WHAT IS EXPECTED. Reproduce every entry word for word. Drop all pictures from the copy.

MATERIAL SUPPLIED.
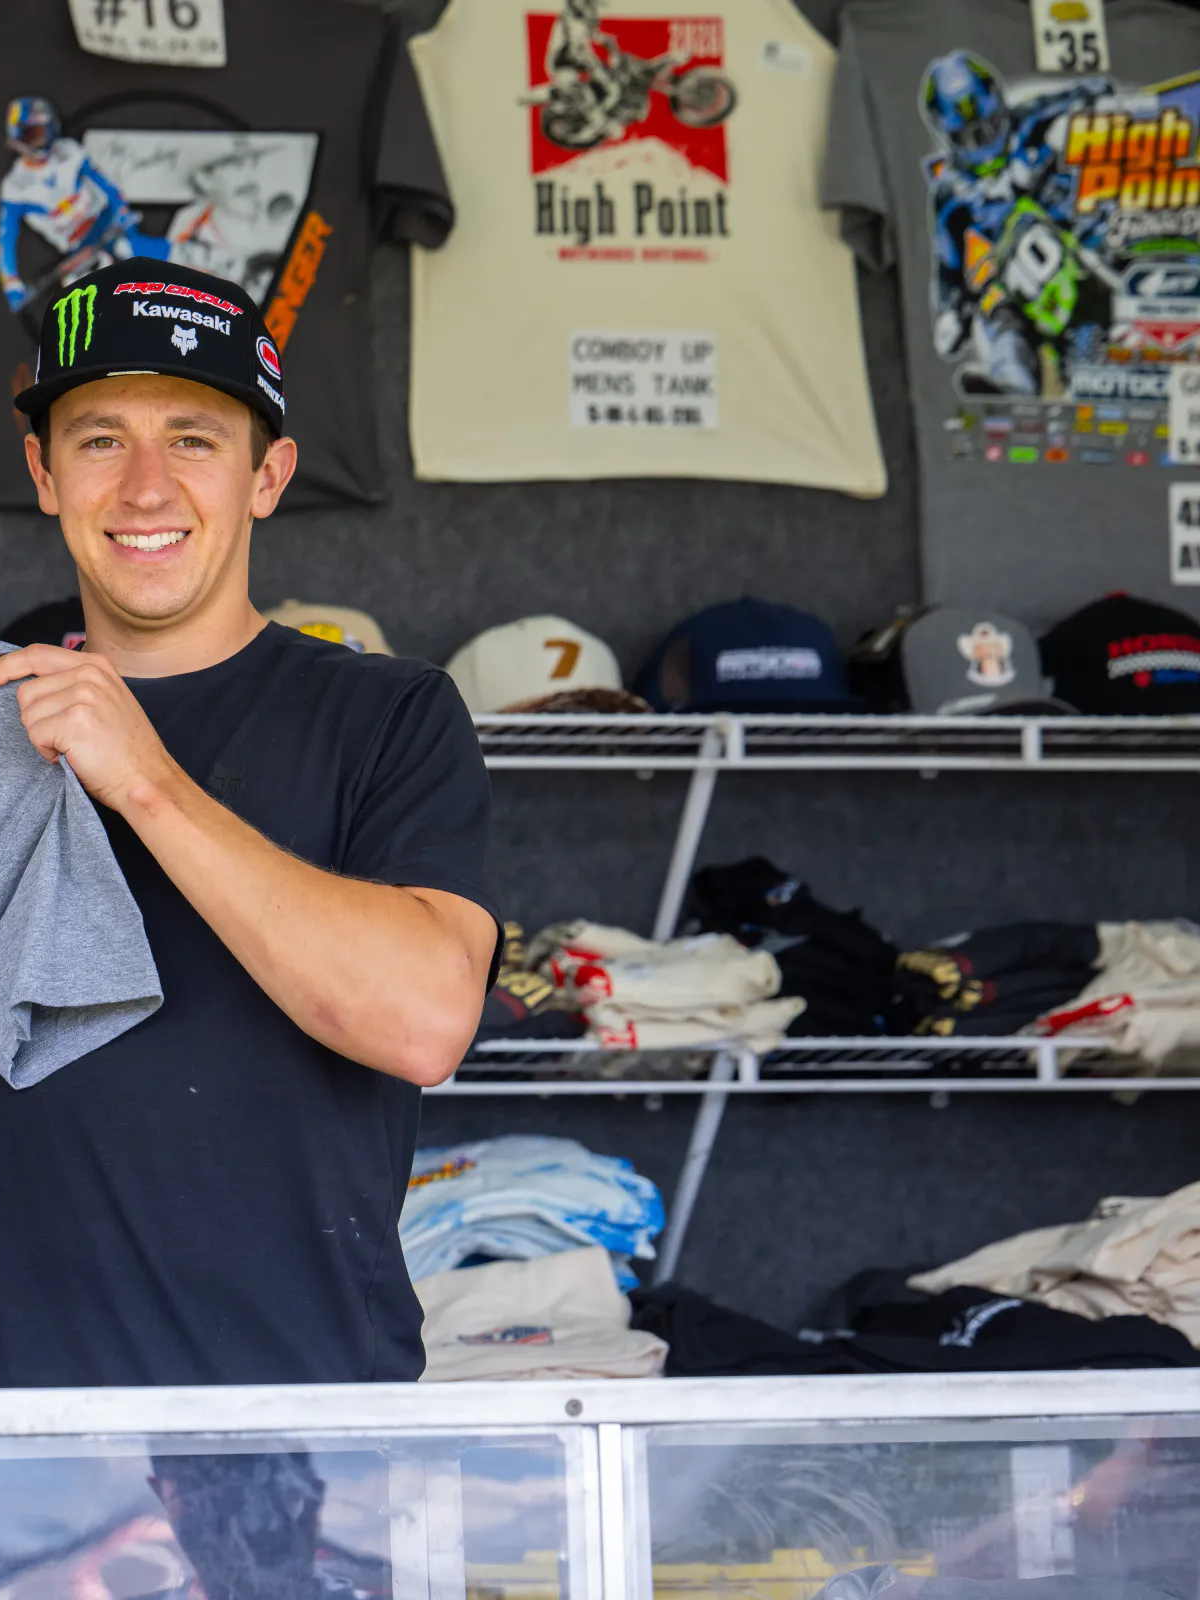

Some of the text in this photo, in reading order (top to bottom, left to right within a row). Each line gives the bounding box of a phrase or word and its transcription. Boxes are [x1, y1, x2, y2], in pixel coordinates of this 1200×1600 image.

[1066, 107, 1192, 172] High
[535, 180, 730, 246] High Point
[113, 282, 243, 315] PRO CIRCUIT
[132, 301, 231, 336] Kawasaki
[653, 373, 715, 397] TANK
[543, 638, 582, 681] 7

TASK ANSWER.
Some of the text in this photo, in reading order (top to bottom, left to right within a row). Each line gives the bounding box of a phrase or word and its transcription. Boxes are [x1, y1, x2, y2], in pixel coordinates of this 1200×1600 image.

[1066, 107, 1192, 172] High
[535, 180, 730, 246] High Point
[113, 282, 243, 315] PRO CIRCUIT
[132, 301, 231, 336] Kawasaki
[653, 373, 715, 397] TANK
[543, 638, 582, 681] 7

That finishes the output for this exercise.